Grimm's Saga No. 245: The Children of Hameln or the Pied Piper of Hamelin

The place called Calvary.

In the year 1284 a strange man was seen in the town of Hamelin. He wore a parti-colored coat and a colorful scarf and that is why he was called Bundting (one colorfully dressed). He claimed he was a rat catcher and promised to free the town of all mice and rats in return for a certain sum of money. The town folk reached agreement and assured him he would receive the designated wage. Thereupon the rat catcher pulled out a little flute from his pocket and began to play. Immediately the rats and mice crept out from every house and gathered round him. When it seemed he had collected them all, he went out from town and the entire throng of mice and rats scampered behind him. And so he led them to the Weser River. Binding up his colorful cloak, he entered the swift waters. The animals eagerly following him were swept up by the swift current and drowned.

But when the townspeople saw that they were free from the pestilence, they regretted the promised reward and they denied him his wage with every manner of excuse until he became enraged and went away embittered. Early in the morning at 7 o’clock on June 26, John and Paul’s Day, (but according to others in the afternoon) he appeared again, but now in the shape of a huntsman with frightful visage and a strange red hat. He sounded his pipe in the alleyways and narrow streets. This time it was not rats and mice that came running but rather children, boys and girls aged four and up, in large numbers. Among them, was the grown daughter of the mayor. A procession of children followed him and he led them out to a mountain, where they all promptly disappeared. A child’s maid had seen it all; she carried a babe on her arm and had followed the crowd from afar, but returned to town to tell the story. The parents streamed out of the city gates and laden with grief, searched for their children. Mothers bewailed their loss. At that hour messengers were sent by land and water to all the surrounding towns to find out whether the children had been seen, but it was all for naught. In total, 130 children were lost. Some said two children had hurried behind the throng but were too late and had to return. The one was blind, the other mute, so that the blind child could not tell the location, but could only tell how they had followed the music. The mute child could point to the location, but couldn’t say anything.

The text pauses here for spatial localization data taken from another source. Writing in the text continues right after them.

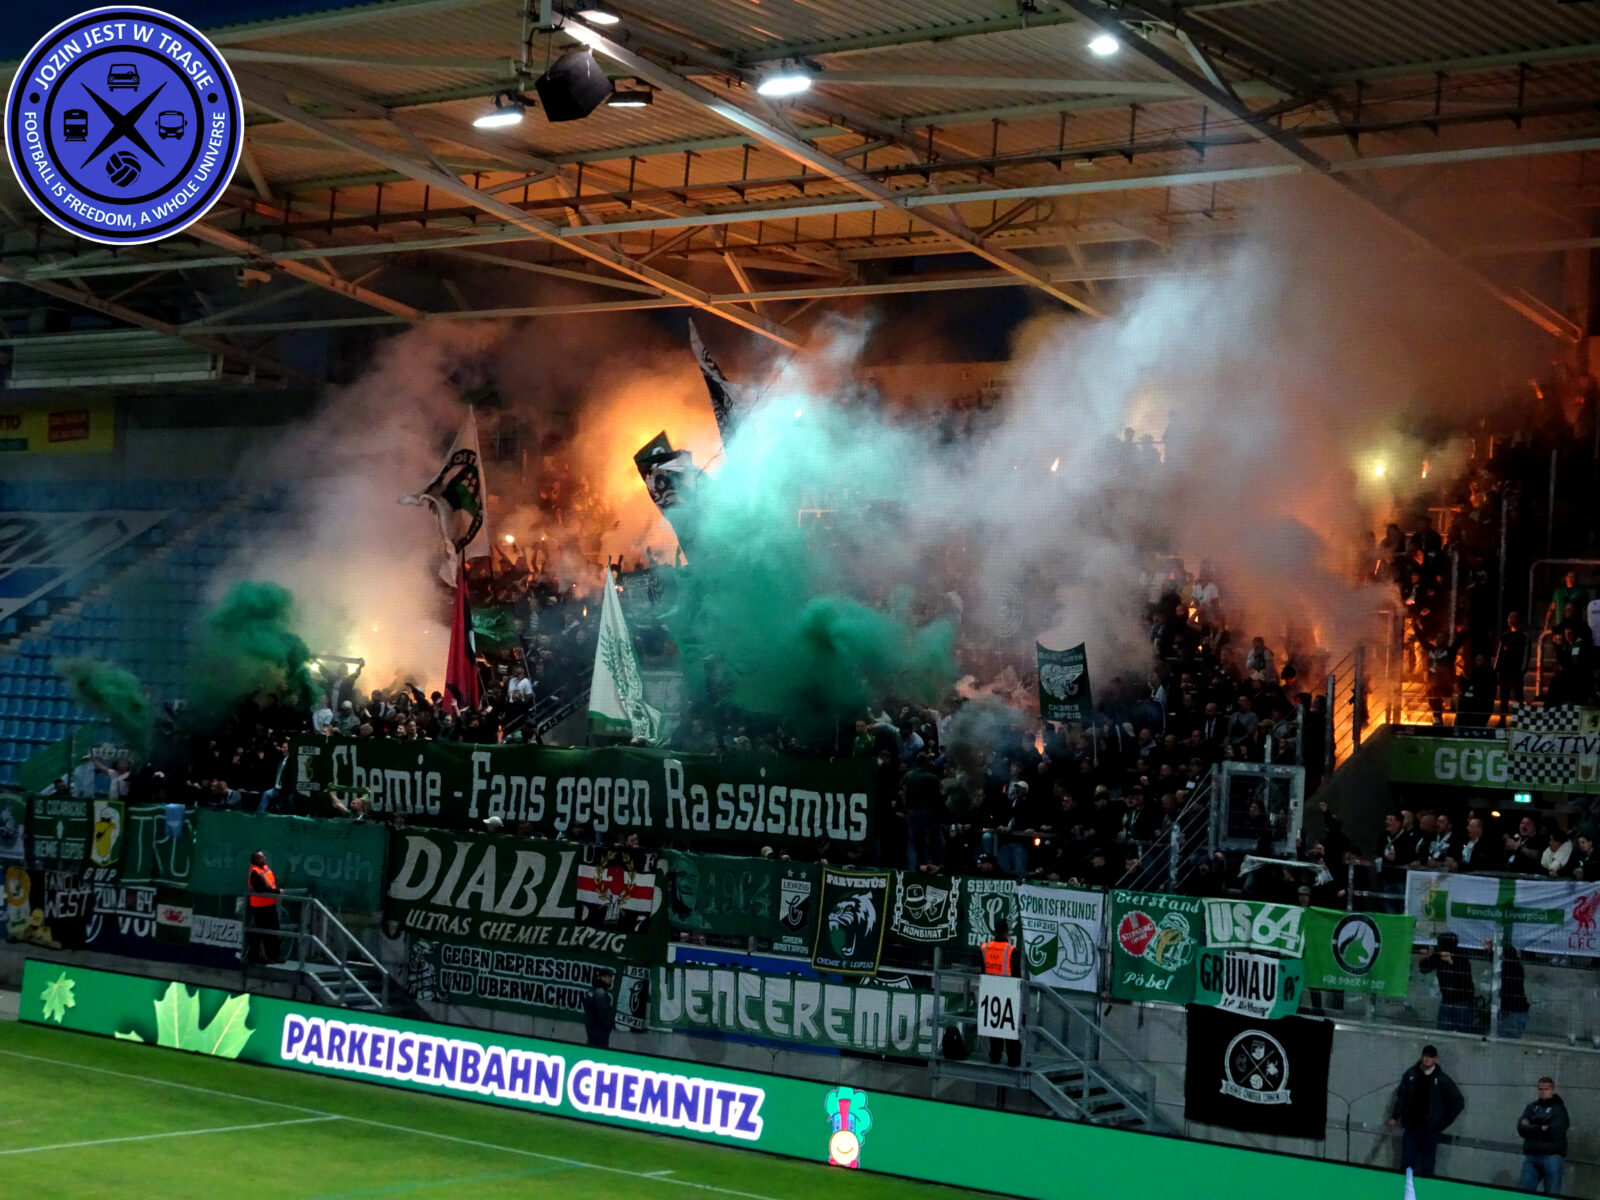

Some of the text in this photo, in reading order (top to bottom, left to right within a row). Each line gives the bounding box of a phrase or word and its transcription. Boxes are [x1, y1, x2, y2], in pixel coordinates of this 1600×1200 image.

[331, 744, 442, 817] Chemie
[467, 751, 547, 822] Fans
[554, 776, 653, 833] gegen
[663, 758, 868, 842] Rassismus
[44, 889, 92, 919] WEST
[1019, 894, 1098, 921] SPORTSFREUNDE
[1466, 906, 1549, 922] Fanclub Liverpool
[405, 908, 472, 936] ULTRAS
[478, 920, 553, 946] CHEMIE
[902, 926, 942, 940] KOMBINAT
[1209, 901, 1304, 950] US64
[442, 945, 491, 969] GEGEN
[1568, 936, 1597, 950] LFC
[441, 969, 473, 994] UND
[1122, 970, 1175, 991] Pöbel
[1201, 951, 1276, 1002] GRÜNAU
[980, 995, 1016, 1031] 19A
[284, 1017, 764, 1137] PARKEISENBAHN CHEMNITZ
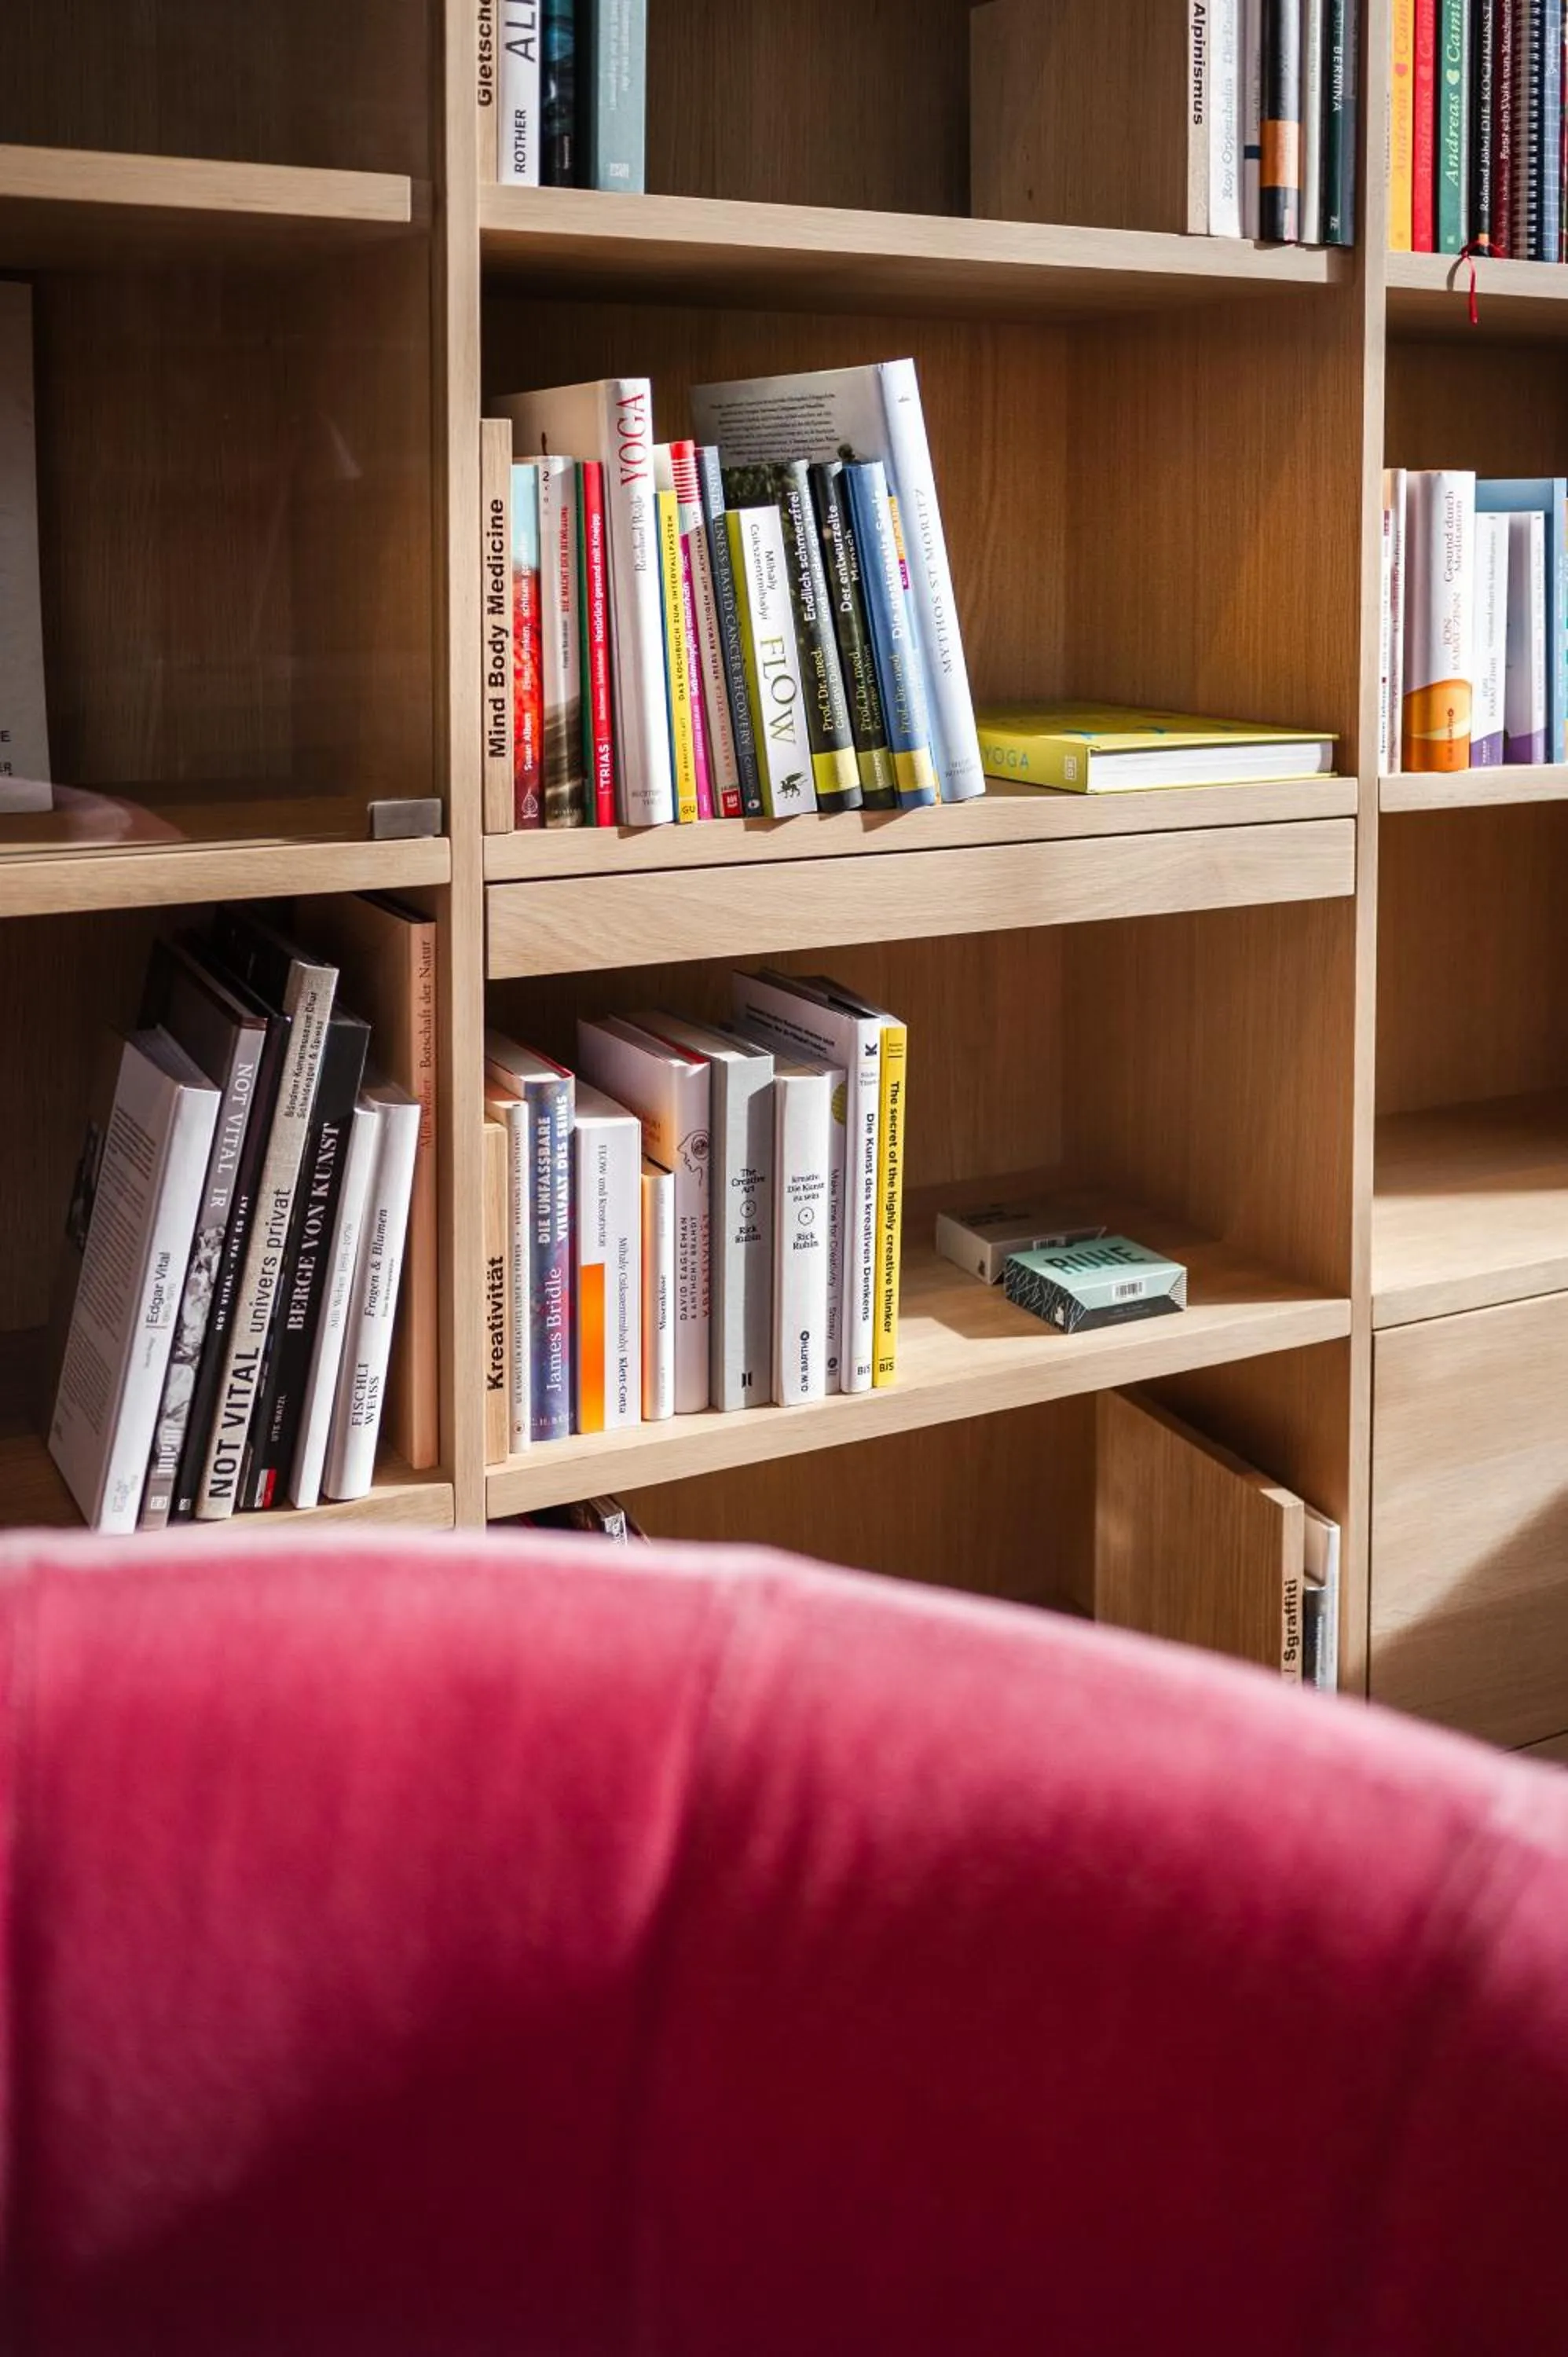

One boy ran out of the house only in his shirtsleeves. He returned to the house to get his jacket and thus escaped the misfortune. When he followed, he could see the other children arriving at the bottom of the mountain then he saw them vanish.

The street, where the children left the town through the gate was still called the Bungelose (silent street, where no drumbeat or music is heard) in the mid-eighteenth century because no one was allowed to dance or strum a musical instrument there. When a bride was brought to the church accompanied by music, the players had to silence their instruments when they crossed the road. The hill near Hamelin, where the children disappeared, is called Poppenberg. Here at the left and right two stones have been set up in cross-shape. Some say the children were taken into a cave and came out on the other side in Siebenbuergen (Transylvania).

The citizens of Hamelin had the story recorded in their city register and after that they always counted years and days according to the loss of their children. Seyfried recorded that it was the 22nd of June instead of the 26th when it happened. At the town hall the following words can be read:

In the year of our Lord 1284 in Hamelin, 130 children were lost to a piper at the place called Calvary.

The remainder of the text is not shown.